LISTED RECORDS Start Marker
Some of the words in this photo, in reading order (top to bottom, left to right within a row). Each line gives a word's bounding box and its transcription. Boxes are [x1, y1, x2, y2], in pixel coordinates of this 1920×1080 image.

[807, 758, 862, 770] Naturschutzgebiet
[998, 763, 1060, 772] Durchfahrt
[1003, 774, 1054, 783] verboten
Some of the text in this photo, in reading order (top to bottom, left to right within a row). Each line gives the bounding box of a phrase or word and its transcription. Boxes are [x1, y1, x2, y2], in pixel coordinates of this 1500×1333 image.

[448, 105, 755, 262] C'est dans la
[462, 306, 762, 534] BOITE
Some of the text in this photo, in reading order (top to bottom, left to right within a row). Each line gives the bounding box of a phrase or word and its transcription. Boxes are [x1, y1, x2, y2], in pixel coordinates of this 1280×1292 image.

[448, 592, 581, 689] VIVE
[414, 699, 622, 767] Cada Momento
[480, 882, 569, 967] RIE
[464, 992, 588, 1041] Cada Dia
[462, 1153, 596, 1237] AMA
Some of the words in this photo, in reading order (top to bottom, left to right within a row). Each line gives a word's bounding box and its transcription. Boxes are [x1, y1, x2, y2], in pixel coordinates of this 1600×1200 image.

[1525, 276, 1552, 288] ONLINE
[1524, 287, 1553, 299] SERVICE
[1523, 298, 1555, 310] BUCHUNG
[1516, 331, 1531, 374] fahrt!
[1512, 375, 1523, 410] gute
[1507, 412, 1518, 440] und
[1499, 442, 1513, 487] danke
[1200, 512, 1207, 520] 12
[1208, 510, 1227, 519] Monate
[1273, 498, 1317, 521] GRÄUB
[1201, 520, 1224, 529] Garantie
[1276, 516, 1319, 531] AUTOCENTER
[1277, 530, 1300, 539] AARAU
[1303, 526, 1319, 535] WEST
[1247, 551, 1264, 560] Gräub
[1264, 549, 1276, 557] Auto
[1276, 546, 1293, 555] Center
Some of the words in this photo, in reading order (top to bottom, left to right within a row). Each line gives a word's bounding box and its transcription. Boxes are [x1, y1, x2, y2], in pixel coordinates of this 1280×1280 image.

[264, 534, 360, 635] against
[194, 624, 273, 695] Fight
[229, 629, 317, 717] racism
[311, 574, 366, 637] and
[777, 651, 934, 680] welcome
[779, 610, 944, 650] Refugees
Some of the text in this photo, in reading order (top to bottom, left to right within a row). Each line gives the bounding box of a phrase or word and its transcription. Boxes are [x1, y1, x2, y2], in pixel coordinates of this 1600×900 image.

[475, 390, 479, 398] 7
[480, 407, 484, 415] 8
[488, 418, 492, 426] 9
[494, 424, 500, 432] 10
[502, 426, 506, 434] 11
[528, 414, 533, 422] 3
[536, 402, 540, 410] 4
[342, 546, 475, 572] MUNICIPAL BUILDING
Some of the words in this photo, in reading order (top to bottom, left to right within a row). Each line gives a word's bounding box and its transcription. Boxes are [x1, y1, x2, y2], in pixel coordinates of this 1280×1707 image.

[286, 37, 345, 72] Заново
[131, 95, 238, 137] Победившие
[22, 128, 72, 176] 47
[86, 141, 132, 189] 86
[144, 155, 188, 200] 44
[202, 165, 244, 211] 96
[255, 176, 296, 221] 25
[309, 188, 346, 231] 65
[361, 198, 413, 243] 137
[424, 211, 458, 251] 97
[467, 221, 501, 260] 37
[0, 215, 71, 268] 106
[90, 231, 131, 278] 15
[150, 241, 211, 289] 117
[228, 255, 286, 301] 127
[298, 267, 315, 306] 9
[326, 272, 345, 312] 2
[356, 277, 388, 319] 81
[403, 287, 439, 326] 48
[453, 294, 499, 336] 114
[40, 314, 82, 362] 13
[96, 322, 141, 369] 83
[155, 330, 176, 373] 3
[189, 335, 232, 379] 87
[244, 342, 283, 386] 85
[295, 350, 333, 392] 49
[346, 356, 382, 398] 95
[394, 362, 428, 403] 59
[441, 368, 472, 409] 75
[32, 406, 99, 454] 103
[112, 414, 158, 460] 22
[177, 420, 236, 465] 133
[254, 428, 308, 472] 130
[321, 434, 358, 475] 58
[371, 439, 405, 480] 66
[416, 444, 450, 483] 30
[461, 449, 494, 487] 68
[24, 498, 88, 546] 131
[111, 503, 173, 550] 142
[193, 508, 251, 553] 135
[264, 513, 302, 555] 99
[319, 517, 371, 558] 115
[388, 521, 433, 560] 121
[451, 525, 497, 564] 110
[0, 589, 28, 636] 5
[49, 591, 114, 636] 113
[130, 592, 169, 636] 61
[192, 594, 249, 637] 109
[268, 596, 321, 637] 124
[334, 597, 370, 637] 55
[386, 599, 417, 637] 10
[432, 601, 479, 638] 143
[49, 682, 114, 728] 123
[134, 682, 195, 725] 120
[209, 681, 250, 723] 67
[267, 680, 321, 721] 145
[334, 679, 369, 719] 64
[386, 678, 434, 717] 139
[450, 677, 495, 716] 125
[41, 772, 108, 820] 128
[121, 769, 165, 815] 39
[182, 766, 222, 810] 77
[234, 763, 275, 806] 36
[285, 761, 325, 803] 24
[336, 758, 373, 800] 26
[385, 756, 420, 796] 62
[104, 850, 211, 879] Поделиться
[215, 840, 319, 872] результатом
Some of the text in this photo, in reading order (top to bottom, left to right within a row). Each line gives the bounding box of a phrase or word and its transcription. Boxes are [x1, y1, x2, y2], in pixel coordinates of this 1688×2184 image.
LISTED RECORDS End Marker
EXERCISE DIRECTIONS. Reproduce each entry from the records above, character for character.

ANSWER BOX.
Some of the words in this photo, in reading order (top to bottom, left to right within a row). Each line gives a word's bounding box and its transcription. Boxes are [x1, y1, x2, y2], in pixel coordinates of this 1920×1080 image.

[807, 758, 862, 770] Naturschutzgebiet
[998, 763, 1060, 772] Durchfahrt
[1003, 774, 1054, 783] verboten
Some of the text in this photo, in reading order (top to bottom, left to right within a row). Each line gives the bounding box of a phrase or word and its transcription. Boxes are [x1, y1, x2, y2], in pixel coordinates of this 1500×1333 image.

[448, 105, 755, 262] C'est dans la
[462, 306, 762, 534] BOITE
Some of the text in this photo, in reading order (top to bottom, left to right within a row). Each line gives the bounding box of a phrase or word and its transcription. Boxes are [x1, y1, x2, y2], in pixel coordinates of this 1280×1292 image.

[448, 592, 581, 689] VIVE
[414, 699, 622, 767] Cada Momento
[480, 882, 569, 967] RIE
[464, 992, 588, 1041] Cada Dia
[462, 1153, 596, 1237] AMA
Some of the words in this photo, in reading order (top to bottom, left to right within a row). Each line gives a word's bounding box and its transcription. Boxes are [x1, y1, x2, y2], in pixel coordinates of this 1600×1200 image.

[1525, 276, 1552, 288] ONLINE
[1524, 287, 1553, 299] SERVICE
[1523, 298, 1555, 310] BUCHUNG
[1516, 331, 1531, 374] fahrt!
[1512, 375, 1523, 410] gute
[1507, 412, 1518, 440] und
[1499, 442, 1513, 487] danke
[1200, 512, 1207, 520] 12
[1208, 510, 1227, 519] Monate
[1273, 498, 1317, 521] GRÄUB
[1201, 520, 1224, 529] Garantie
[1276, 516, 1319, 531] AUTOCENTER
[1277, 530, 1300, 539] AARAU
[1303, 526, 1319, 535] WEST
[1247, 551, 1264, 560] Gräub
[1264, 549, 1276, 557] Auto
[1276, 546, 1293, 555] Center
Some of the words in this photo, in reading order (top to bottom, left to right within a row). Each line gives a word's bounding box and its transcription. Boxes are [x1, y1, x2, y2], in pixel coordinates of this 1280×1280 image.

[264, 534, 360, 635] against
[194, 624, 273, 695] Fight
[229, 629, 317, 717] racism
[311, 574, 366, 637] and
[777, 651, 934, 680] welcome
[779, 610, 944, 650] Refugees
Some of the text in this photo, in reading order (top to bottom, left to right within a row). Each line gives the bounding box of a phrase or word and its transcription. Boxes are [x1, y1, x2, y2], in pixel coordinates of this 1600×900 image.

[475, 390, 479, 398] 7
[480, 407, 484, 415] 8
[488, 418, 492, 426] 9
[494, 424, 500, 432] 10
[502, 426, 506, 434] 11
[528, 414, 533, 422] 3
[536, 402, 540, 410] 4
[342, 546, 475, 572] MUNICIPAL BUILDING
Some of the words in this photo, in reading order (top to bottom, left to right within a row). Each line gives a word's bounding box and its transcription. Boxes are [x1, y1, x2, y2], in pixel coordinates of this 1280×1707 image.

[286, 37, 345, 72] Заново
[131, 95, 238, 137] Победившие
[22, 128, 72, 176] 47
[86, 141, 132, 189] 86
[144, 155, 188, 200] 44
[202, 165, 244, 211] 96
[255, 176, 296, 221] 25
[309, 188, 346, 231] 65
[361, 198, 413, 243] 137
[424, 211, 458, 251] 97
[467, 221, 501, 260] 37
[0, 215, 71, 268] 106
[90, 231, 131, 278] 15
[150, 241, 211, 289] 117
[228, 255, 286, 301] 127
[298, 267, 315, 306] 9
[326, 272, 345, 312] 2
[356, 277, 388, 319] 81
[403, 287, 439, 326] 48
[453, 294, 499, 336] 114
[40, 314, 82, 362] 13
[96, 322, 141, 369] 83
[155, 330, 176, 373] 3
[189, 335, 232, 379] 87
[244, 342, 283, 386] 85
[295, 350, 333, 392] 49
[346, 356, 382, 398] 95
[394, 362, 428, 403] 59
[441, 368, 472, 409] 75
[32, 406, 99, 454] 103
[112, 414, 158, 460] 22
[177, 420, 236, 465] 133
[254, 428, 308, 472] 130
[321, 434, 358, 475] 58
[371, 439, 405, 480] 66
[416, 444, 450, 483] 30
[461, 449, 494, 487] 68
[24, 498, 88, 546] 131
[111, 503, 173, 550] 142
[193, 508, 251, 553] 135
[264, 513, 302, 555] 99
[319, 517, 371, 558] 115
[388, 521, 433, 560] 121
[451, 525, 497, 564] 110
[0, 589, 28, 636] 5
[49, 591, 114, 636] 113
[130, 592, 169, 636] 61
[192, 594, 249, 637] 109
[268, 596, 321, 637] 124
[334, 597, 370, 637] 55
[386, 599, 417, 637] 10
[432, 601, 479, 638] 143
[49, 682, 114, 728] 123
[134, 682, 195, 725] 120
[209, 681, 250, 723] 67
[267, 680, 321, 721] 145
[334, 679, 369, 719] 64
[386, 678, 434, 717] 139
[450, 677, 495, 716] 125
[41, 772, 108, 820] 128
[121, 769, 165, 815] 39
[182, 766, 222, 810] 77
[234, 763, 275, 806] 36
[285, 761, 325, 803] 24
[336, 758, 373, 800] 26
[385, 756, 420, 796] 62
[104, 850, 211, 879] Поделиться
[215, 840, 319, 872] результатом
Some of the text in this photo, in reading order (top to bottom, left to right within a row). Each line gives the bounding box of a phrase or word and its transcription. Boxes are [x1, y1, x2, y2], in pixel coordinates of this 1688×2184 image.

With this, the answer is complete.